** Opening Records for this task block **
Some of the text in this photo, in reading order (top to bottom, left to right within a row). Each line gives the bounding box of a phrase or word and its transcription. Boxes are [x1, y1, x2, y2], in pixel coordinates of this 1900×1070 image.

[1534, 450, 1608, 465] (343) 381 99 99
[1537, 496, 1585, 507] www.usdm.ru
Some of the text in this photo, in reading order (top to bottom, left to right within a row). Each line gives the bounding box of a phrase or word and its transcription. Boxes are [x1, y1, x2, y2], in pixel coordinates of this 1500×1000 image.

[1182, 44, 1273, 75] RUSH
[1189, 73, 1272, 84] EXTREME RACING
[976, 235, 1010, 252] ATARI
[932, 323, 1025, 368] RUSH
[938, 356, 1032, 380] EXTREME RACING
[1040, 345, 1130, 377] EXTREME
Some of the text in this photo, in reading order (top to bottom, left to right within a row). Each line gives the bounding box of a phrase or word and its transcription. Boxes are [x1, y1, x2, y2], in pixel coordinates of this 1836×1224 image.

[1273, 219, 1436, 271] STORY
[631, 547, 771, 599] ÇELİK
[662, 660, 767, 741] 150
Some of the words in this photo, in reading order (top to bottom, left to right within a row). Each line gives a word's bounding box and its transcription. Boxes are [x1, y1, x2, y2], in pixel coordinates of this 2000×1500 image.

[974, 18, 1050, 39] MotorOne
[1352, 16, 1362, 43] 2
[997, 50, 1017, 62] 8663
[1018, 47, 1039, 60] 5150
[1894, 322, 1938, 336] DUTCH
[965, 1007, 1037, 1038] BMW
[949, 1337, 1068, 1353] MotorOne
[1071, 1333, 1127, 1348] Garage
** Closing Records for this task block **
- Task description -
Make an exact copy of all the data.

- Response to this task -
Some of the text in this photo, in reading order (top to bottom, left to right within a row). Each line gives the bounding box of a phrase or word and its transcription. Boxes are [x1, y1, x2, y2], in pixel coordinates of this 1900×1070 image.

[1534, 450, 1608, 465] (343) 381 99 99
[1537, 496, 1585, 507] www.usdm.ru
Some of the text in this photo, in reading order (top to bottom, left to right within a row). Each line gives the bounding box of a phrase or word and its transcription. Boxes are [x1, y1, x2, y2], in pixel coordinates of this 1500×1000 image.

[1182, 44, 1273, 75] RUSH
[1189, 73, 1272, 84] EXTREME RACING
[976, 235, 1010, 252] ATARI
[932, 323, 1025, 368] RUSH
[938, 356, 1032, 380] EXTREME RACING
[1040, 345, 1130, 377] EXTREME
Some of the text in this photo, in reading order (top to bottom, left to right within a row). Each line gives the bounding box of a phrase or word and its transcription. Boxes are [x1, y1, x2, y2], in pixel coordinates of this 1836×1224 image.

[1273, 219, 1436, 271] STORY
[631, 547, 771, 599] ÇELİK
[662, 660, 767, 741] 150
Some of the words in this photo, in reading order (top to bottom, left to right within a row). Each line gives a word's bounding box and its transcription. Boxes are [x1, y1, x2, y2], in pixel coordinates of this 2000×1500 image.

[974, 18, 1050, 39] MotorOne
[1352, 16, 1362, 43] 2
[997, 50, 1017, 62] 8663
[1018, 47, 1039, 60] 5150
[1894, 322, 1938, 336] DUTCH
[965, 1007, 1037, 1038] BMW
[949, 1337, 1068, 1353] MotorOne
[1071, 1333, 1127, 1348] Garage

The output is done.